╭─ PROVIDED MATERIAL
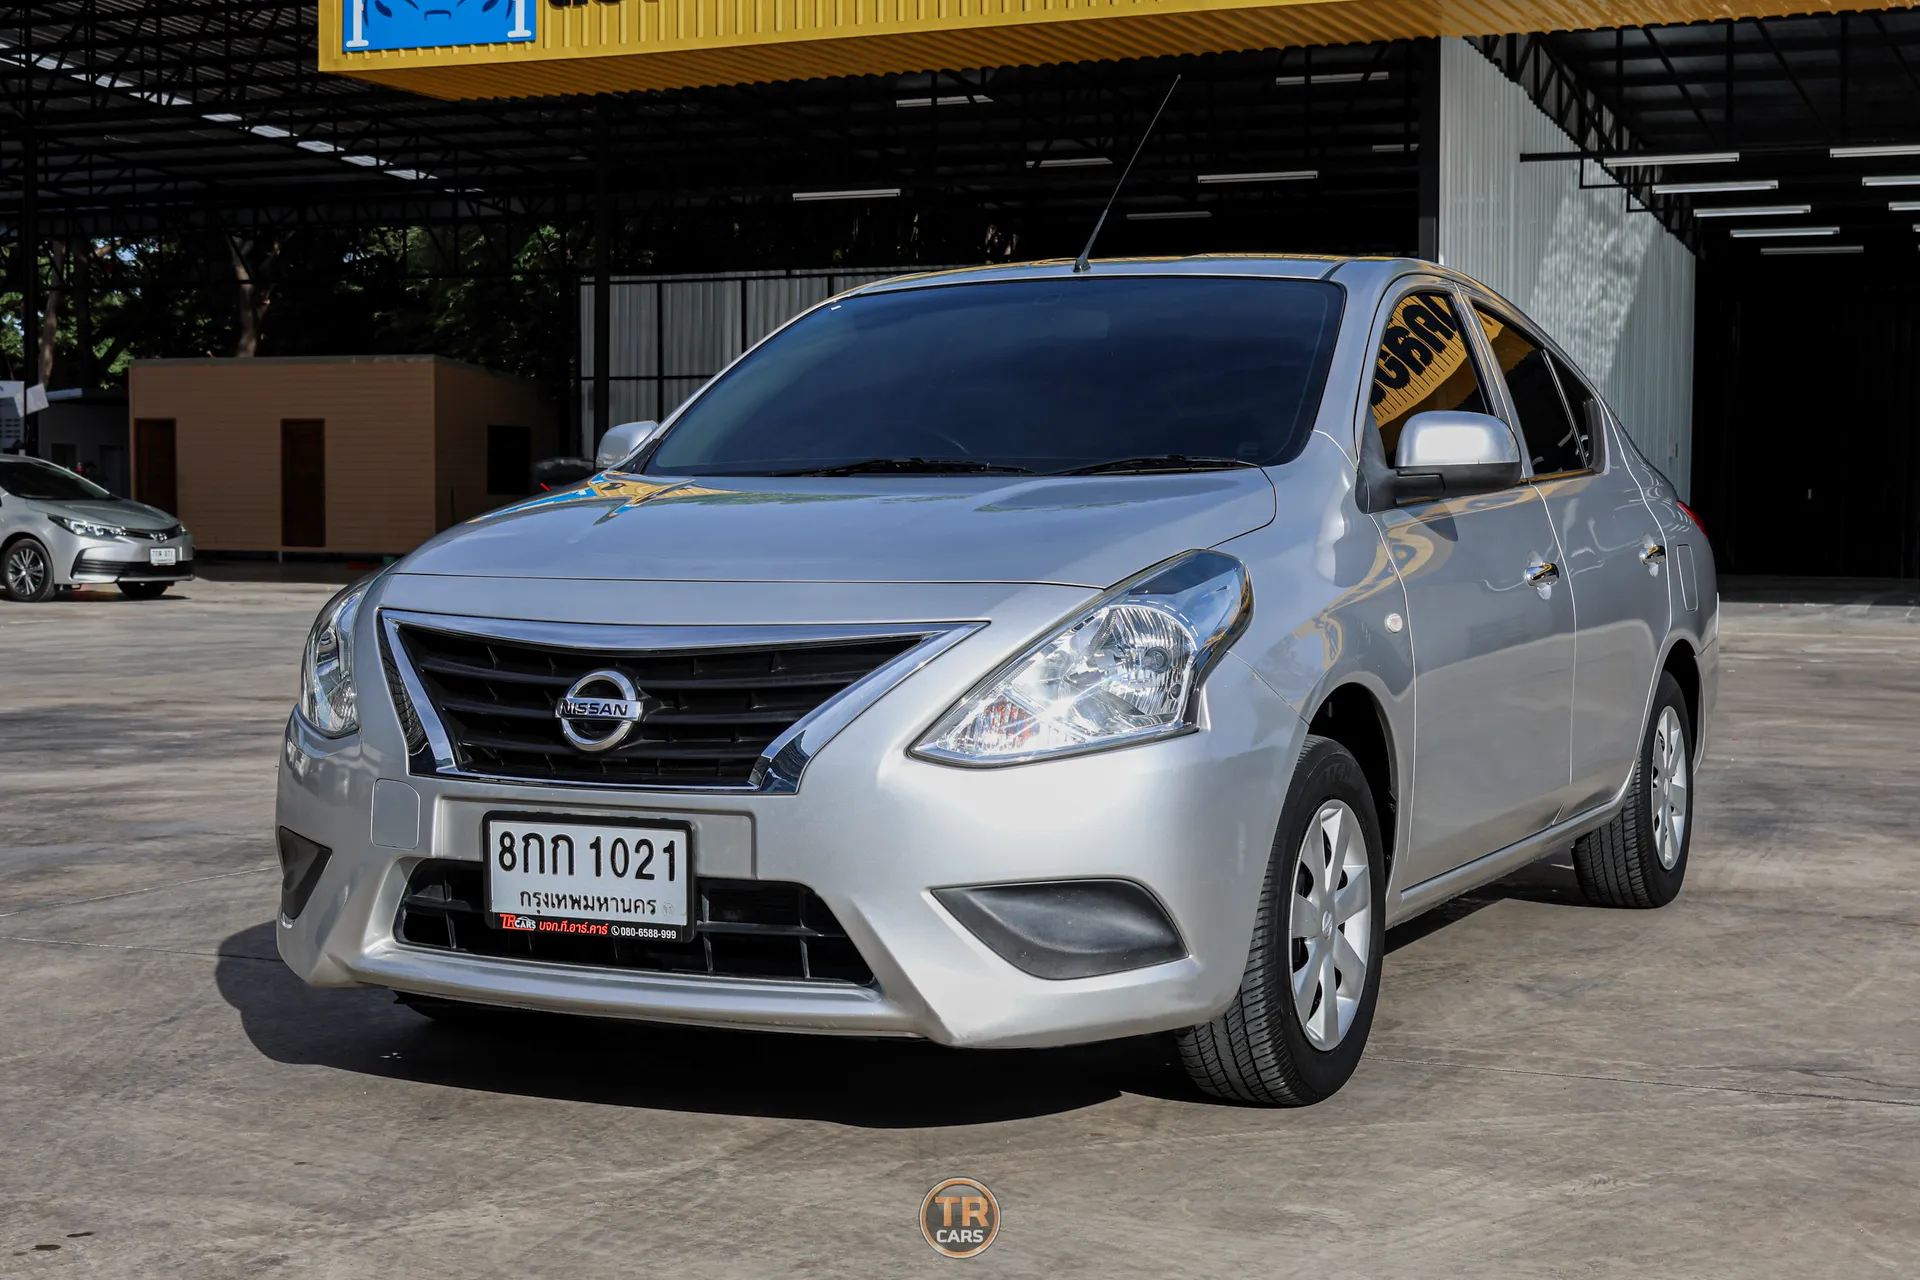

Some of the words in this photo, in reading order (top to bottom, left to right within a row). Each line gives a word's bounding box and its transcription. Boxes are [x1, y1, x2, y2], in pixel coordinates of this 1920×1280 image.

[560, 702, 628, 717] NISSAN
[498, 830, 575, 877] 8กก
[589, 835, 676, 882] 1021
[519, 890, 657, 915] กรุงเทพมหานคร
[620, 927, 677, 940] 080-6588-999
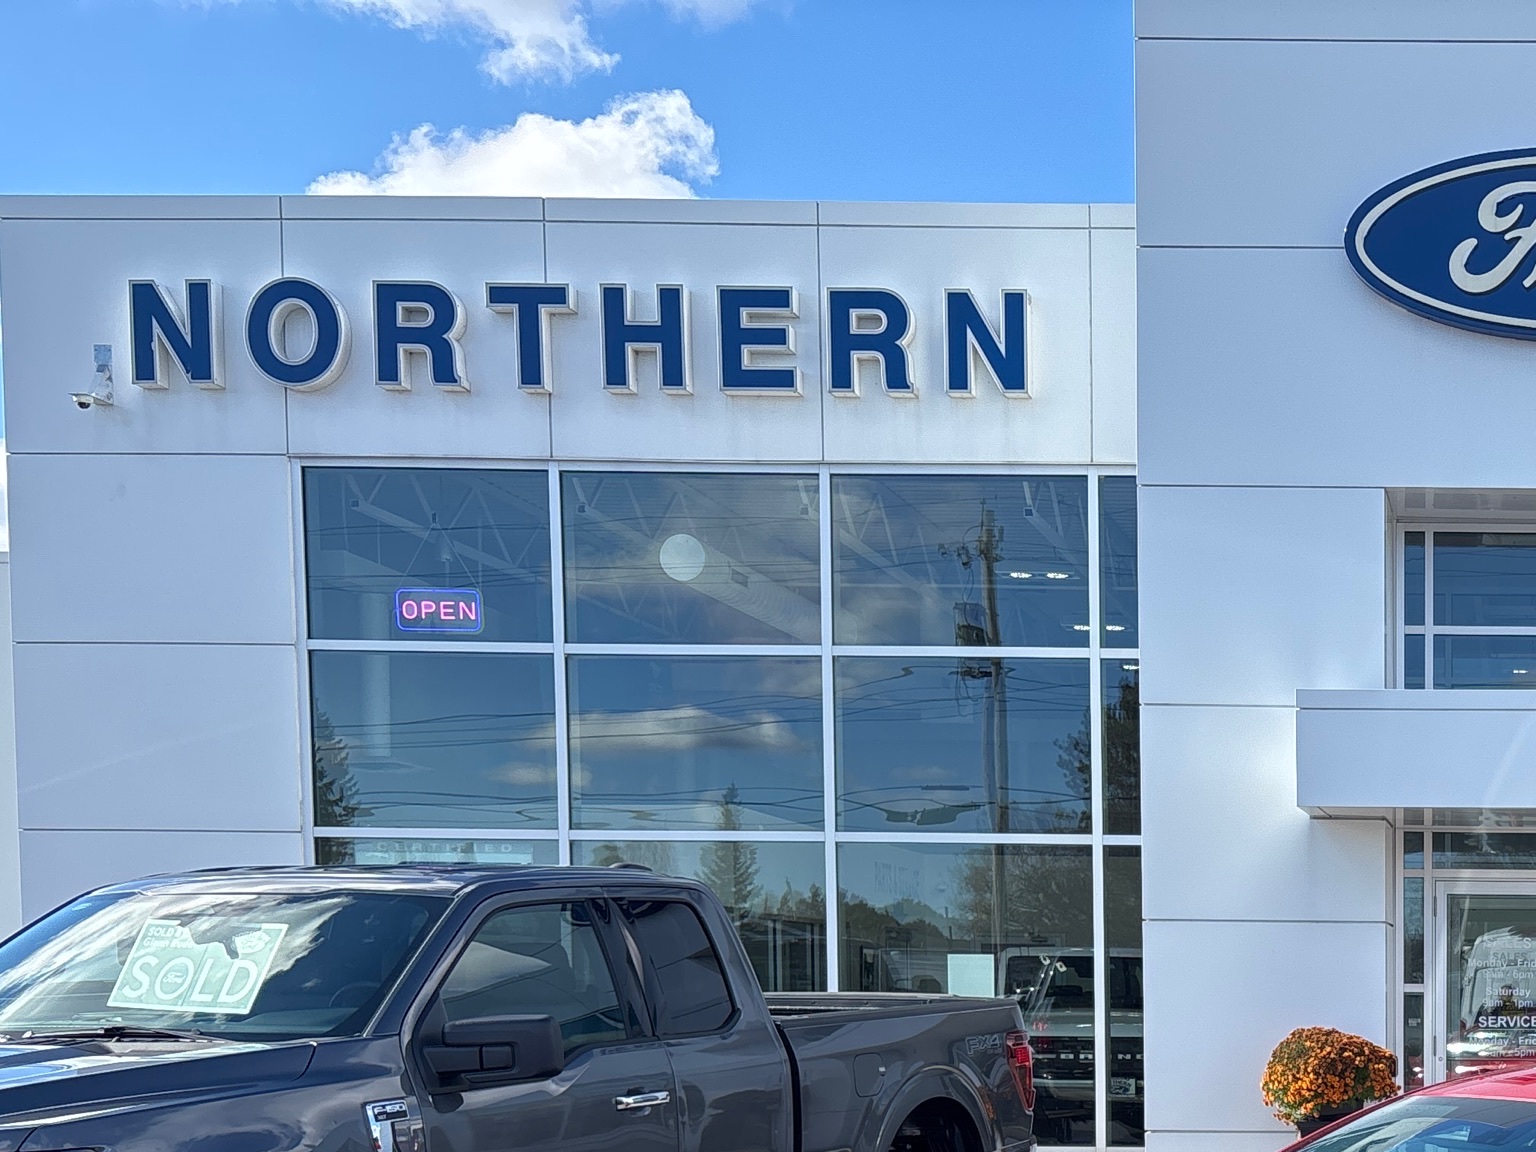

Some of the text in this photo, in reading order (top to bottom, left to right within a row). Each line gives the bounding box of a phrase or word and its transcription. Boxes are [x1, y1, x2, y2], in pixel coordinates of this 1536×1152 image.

[128, 277, 1033, 400] NORTHERN
[402, 600, 476, 620] OPEN
[121, 954, 258, 1003] SOLD
[1512, 970, 1534, 980] 6pm
[1485, 986, 1531, 998] Saturday
[1514, 998, 1534, 1009] 1pm
[965, 1033, 1001, 1055] FX4
[1514, 1047, 1535, 1057] 5pm
[373, 1103, 406, 1115] F-150
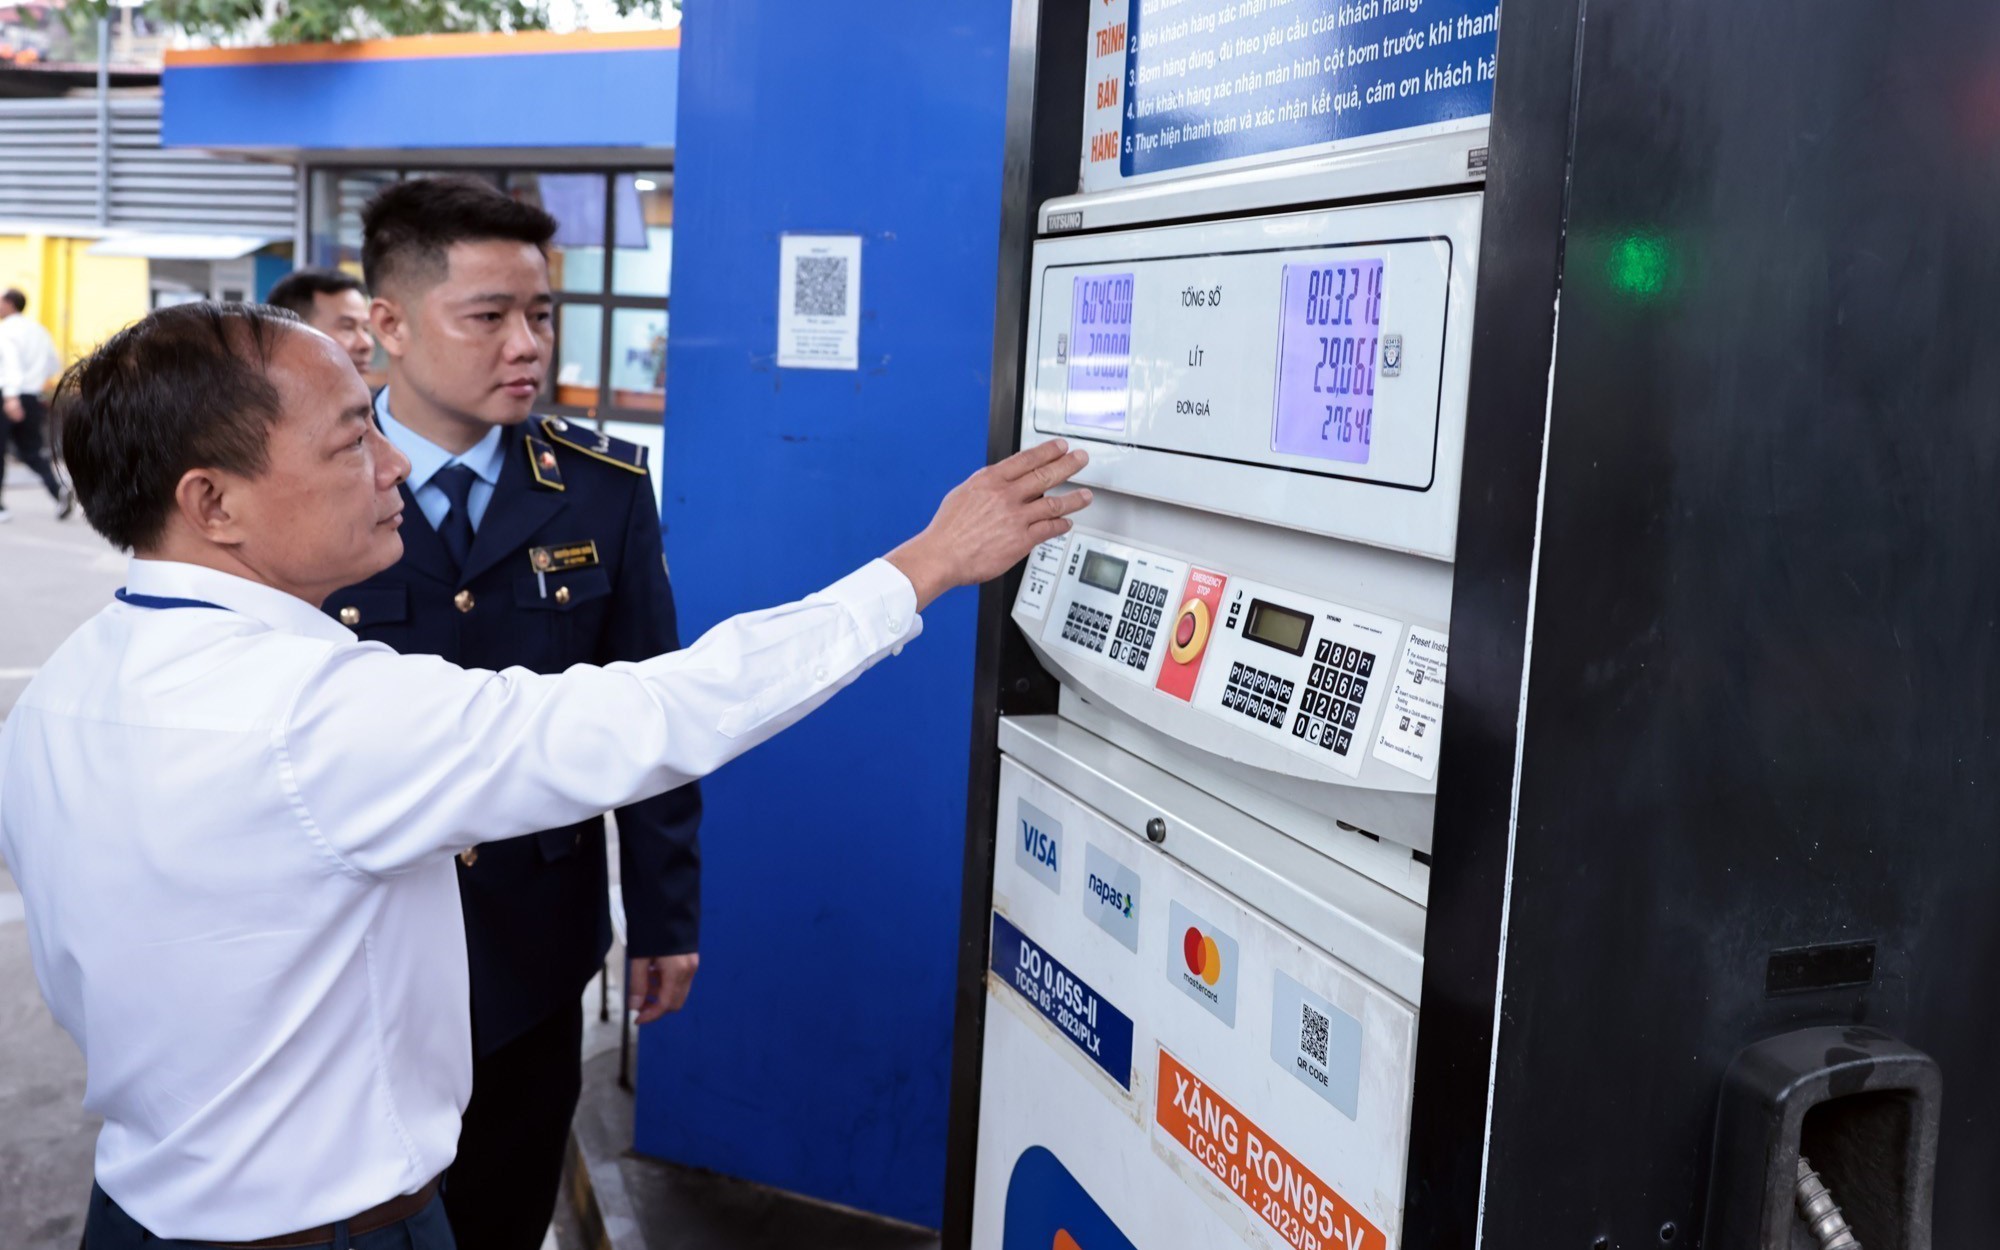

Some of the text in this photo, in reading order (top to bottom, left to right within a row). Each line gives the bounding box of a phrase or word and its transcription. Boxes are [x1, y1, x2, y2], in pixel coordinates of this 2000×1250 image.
╰─
Write out again the lines from the one with "this 1536×1152 image." through the end of the records exactly, without any of the pictures.

Some of the text in this photo, in reading order (top to bottom, left to right within a row). Each line gives the bounding box of a phrase or word and its transcription. Boxes are [x1, y1, x2, y2], in pixel coordinates of this 1536×1152 image.

[128, 277, 1033, 400] NORTHERN
[402, 600, 476, 620] OPEN
[121, 954, 258, 1003] SOLD
[1512, 970, 1534, 980] 6pm
[1485, 986, 1531, 998] Saturday
[1514, 998, 1534, 1009] 1pm
[965, 1033, 1001, 1055] FX4
[1514, 1047, 1535, 1057] 5pm
[373, 1103, 406, 1115] F-150

Some of the text in this photo, in reading order (top to bottom, left to right within a row). Each line gives the bounding box of a phrase or word and its transcription. Boxes are [x1, y1, x2, y2], in pixel coordinates of this 2000×1250 image.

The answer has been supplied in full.